Problem description
Transcribe every entry that follows exactly, omitting all pictures.

[Start of section]

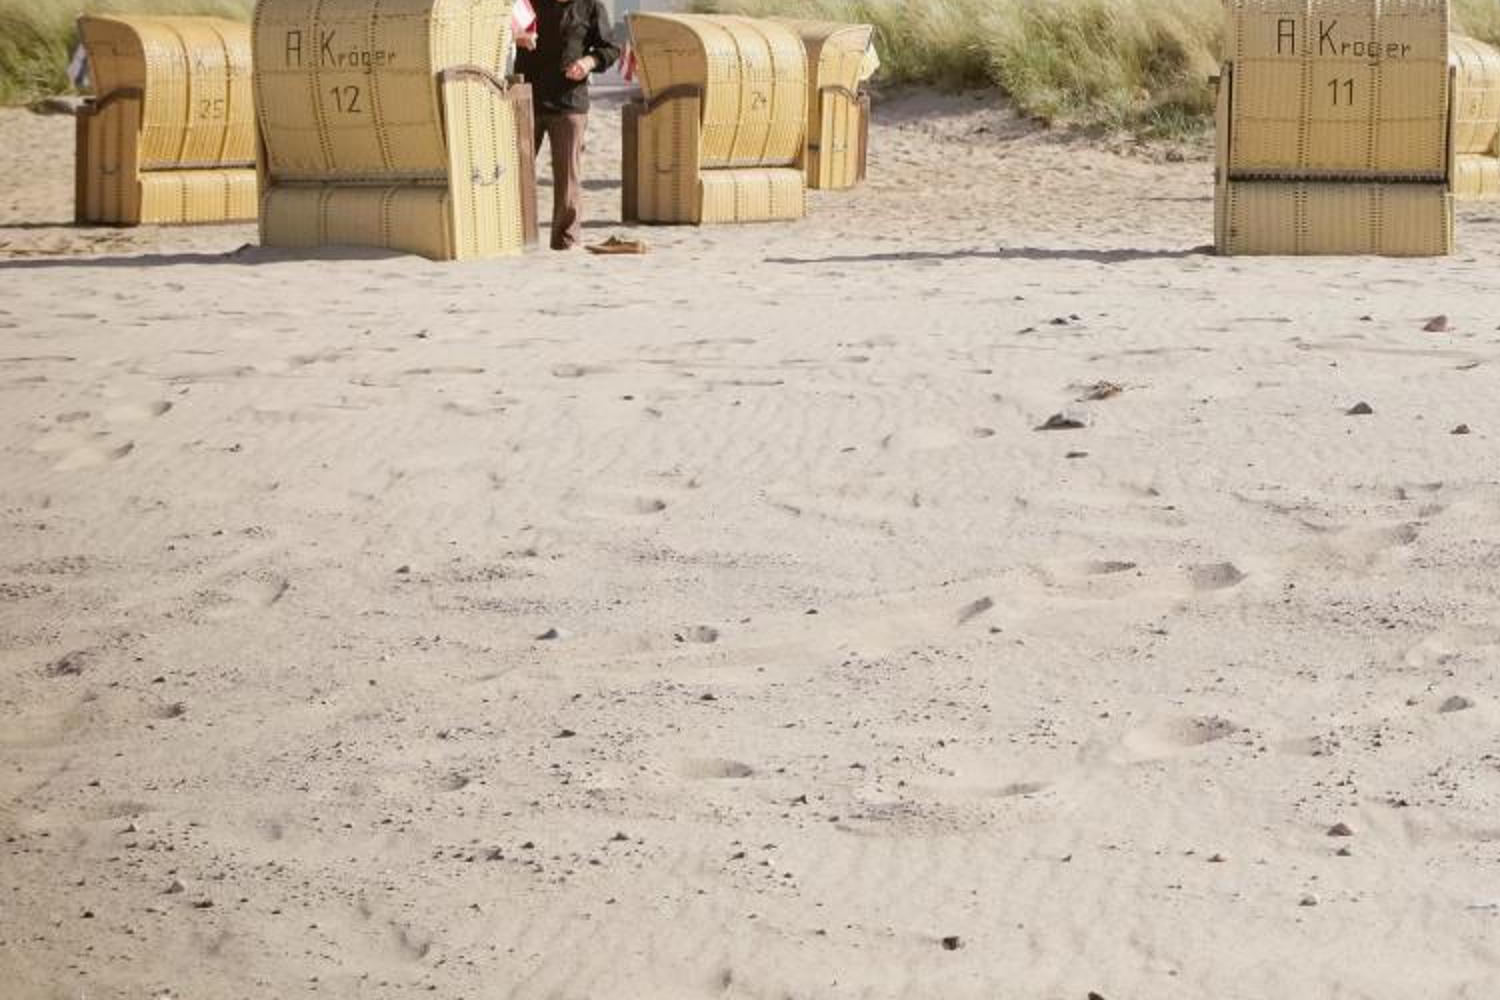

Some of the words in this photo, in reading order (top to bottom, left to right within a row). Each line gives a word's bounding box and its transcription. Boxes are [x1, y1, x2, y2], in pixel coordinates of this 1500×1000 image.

[286, 29, 302, 67] A
[1277, 19, 1295, 56] A
[330, 85, 362, 113] 12
[1327, 78, 1355, 105] 11
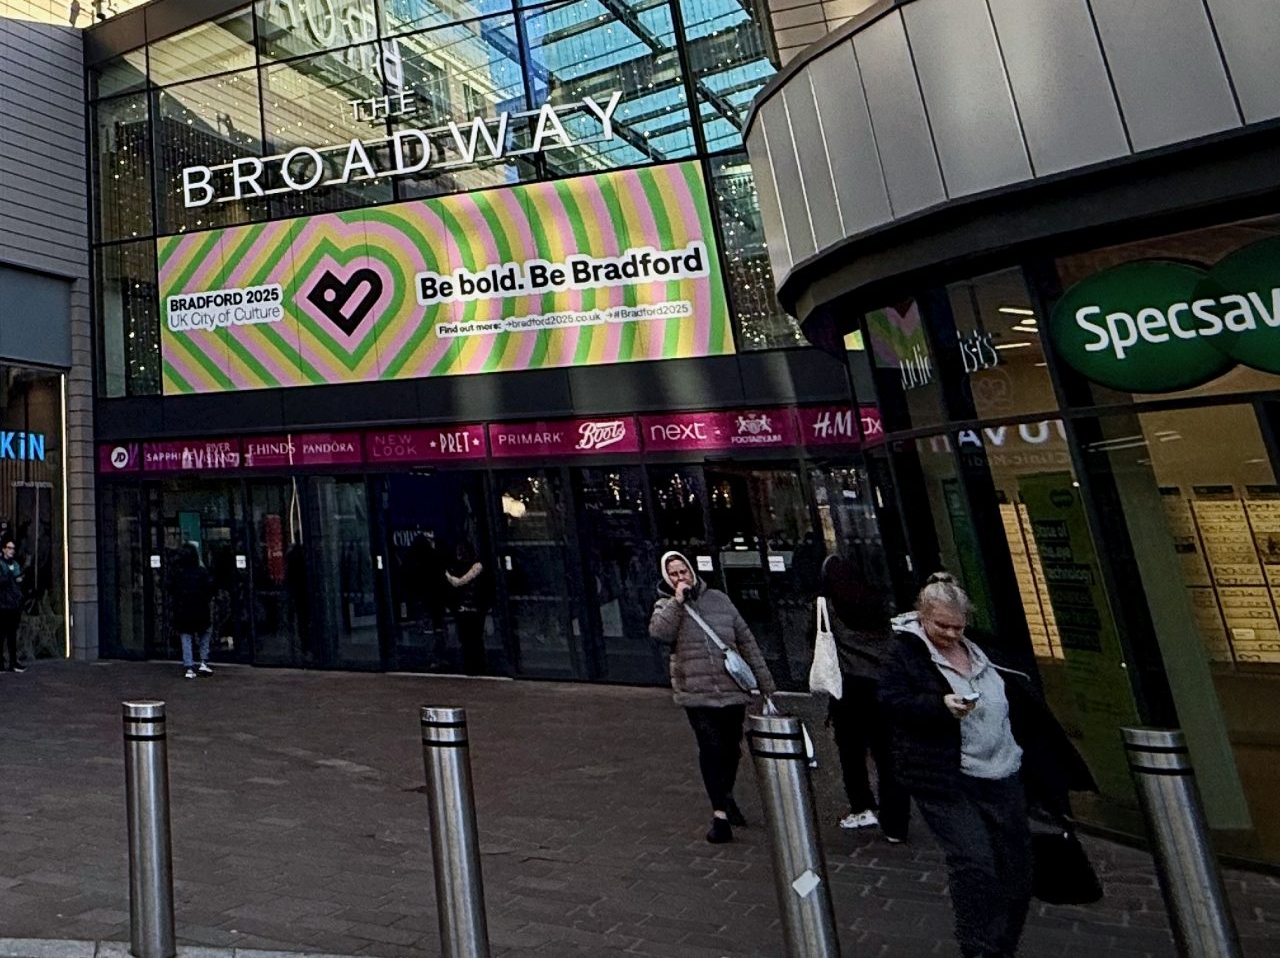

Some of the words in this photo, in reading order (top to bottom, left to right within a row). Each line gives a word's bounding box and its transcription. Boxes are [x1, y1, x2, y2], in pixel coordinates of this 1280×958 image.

[348, 90, 417, 122] THE
[182, 90, 624, 210] BROADWAY
[421, 276, 454, 300] Be
[460, 268, 525, 297] bold.
[530, 264, 567, 289] Be
[572, 247, 703, 286] Bradford
[170, 292, 243, 312] BRADFORD
[246, 288, 279, 304] 2025
[170, 313, 188, 328] UK
[191, 311, 215, 328] City
[218, 308, 231, 323] of
[234, 306, 281, 322] Culture
[439, 325, 458, 334] Find
[459, 324, 474, 333] out
[476, 323, 501, 332] more:
[575, 420, 626, 450] Boots
[650, 421, 707, 441] next
[813, 409, 852, 439] H&M
[302, 439, 355, 454] PANDORA
[375, 435, 412, 446] NEW
[439, 431, 470, 454] PRET
[498, 432, 562, 445] PRIMARK
[373, 445, 417, 457] LOOK
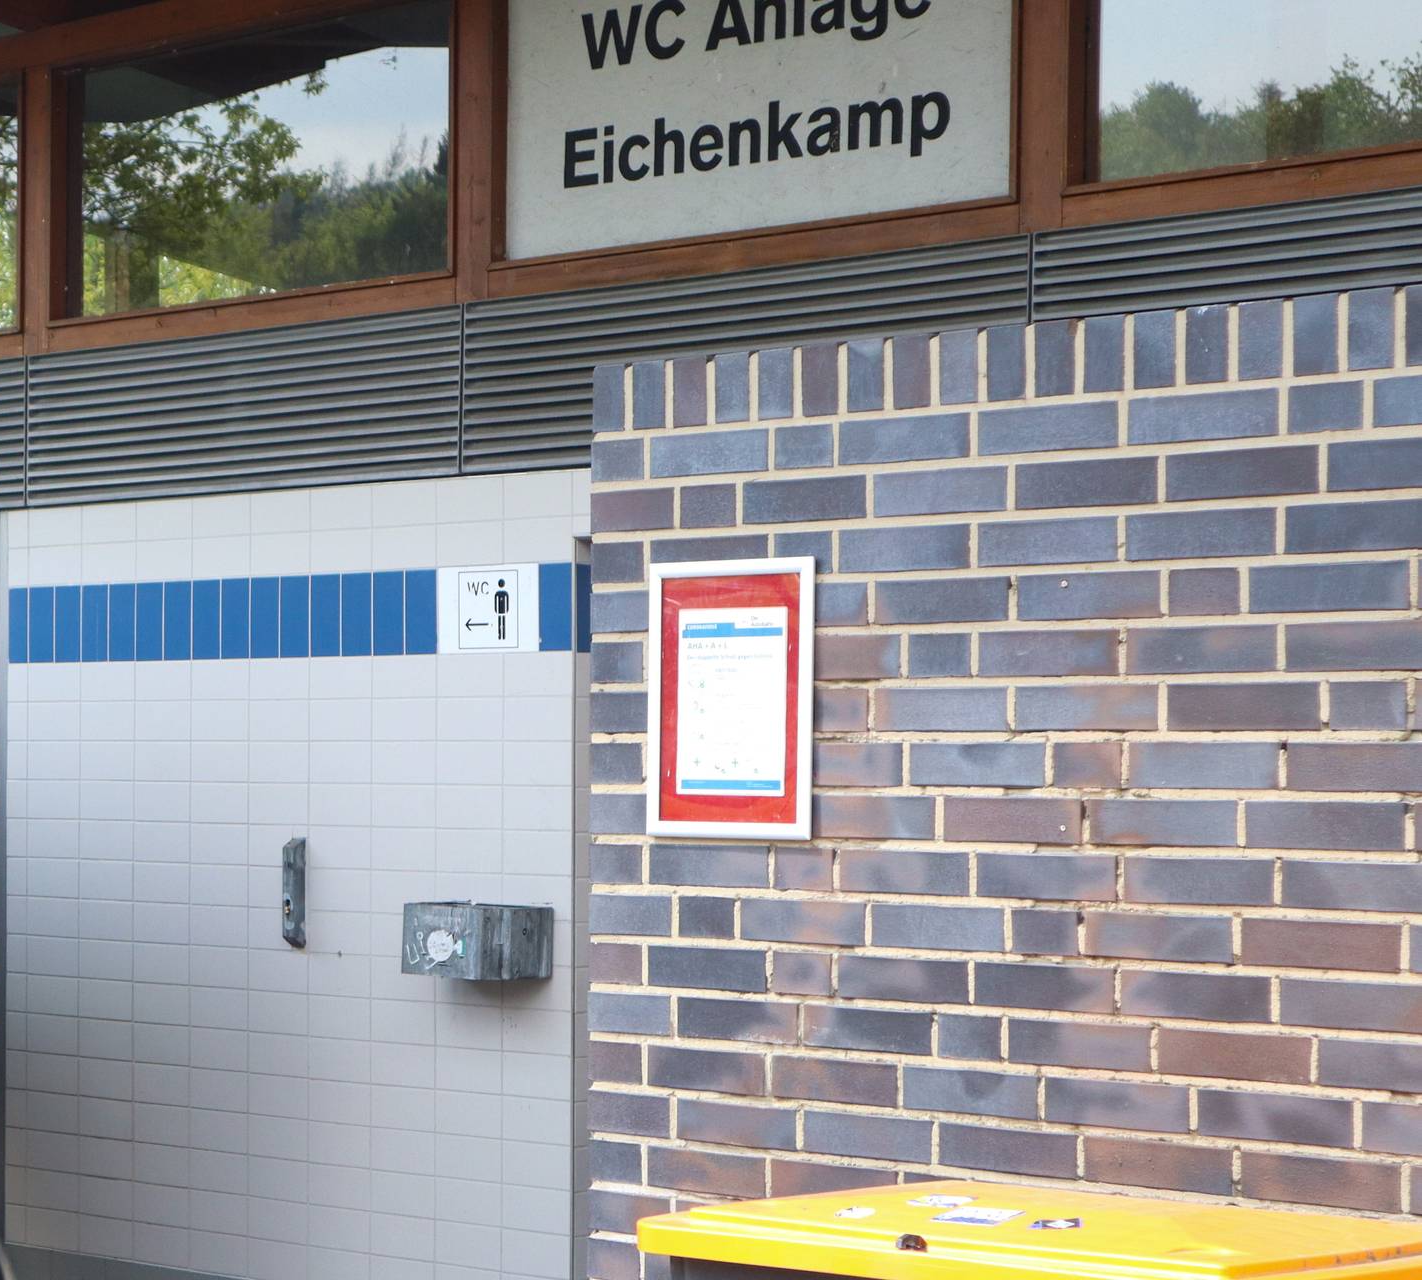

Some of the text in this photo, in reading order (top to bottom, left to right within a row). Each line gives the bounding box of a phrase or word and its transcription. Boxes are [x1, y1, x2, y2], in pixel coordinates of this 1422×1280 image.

[581, 0, 686, 70] WC
[563, 91, 951, 188] Eichenkamp
[467, 581, 489, 597] WC

[End of section]

Task solution
Some of the words in this photo, in reading order (top to bottom, left to right within a row). Each line gives a word's bounding box and its transcription. Boxes are [x1, y1, x2, y2], in pixel coordinates of this 1500×1000 image.

[286, 29, 302, 67] A
[1277, 19, 1295, 56] A
[330, 85, 362, 113] 12
[1327, 78, 1355, 105] 11

Some of the words in this photo, in reading order (top to bottom, left to right within a row). Each line gives a word's bounding box and its transcription. Boxes are [x1, y1, x2, y2], in pixel coordinates of this 1280×958 image.

[348, 90, 417, 122] THE
[182, 90, 624, 210] BROADWAY
[421, 276, 454, 300] Be
[460, 268, 525, 297] bold.
[530, 264, 567, 289] Be
[572, 247, 703, 286] Bradford
[170, 292, 243, 312] BRADFORD
[246, 288, 279, 304] 2025
[170, 313, 188, 328] UK
[191, 311, 215, 328] City
[218, 308, 231, 323] of
[234, 306, 281, 322] Culture
[439, 325, 458, 334] Find
[459, 324, 474, 333] out
[476, 323, 501, 332] more:
[575, 420, 626, 450] Boots
[650, 421, 707, 441] next
[813, 409, 852, 439] H&M
[302, 439, 355, 454] PANDORA
[375, 435, 412, 446] NEW
[439, 431, 470, 454] PRET
[498, 432, 562, 445] PRIMARK
[373, 445, 417, 457] LOOK

Some of the text in this photo, in reading order (top to bottom, left to right within a row). Each line gives the bounding box of a phrase or word and its transcription. Boxes are [x1, y1, x2, y2], in pixel coordinates of this 1422×1280 image.

[581, 0, 686, 70] WC
[563, 91, 951, 188] Eichenkamp
[467, 581, 489, 597] WC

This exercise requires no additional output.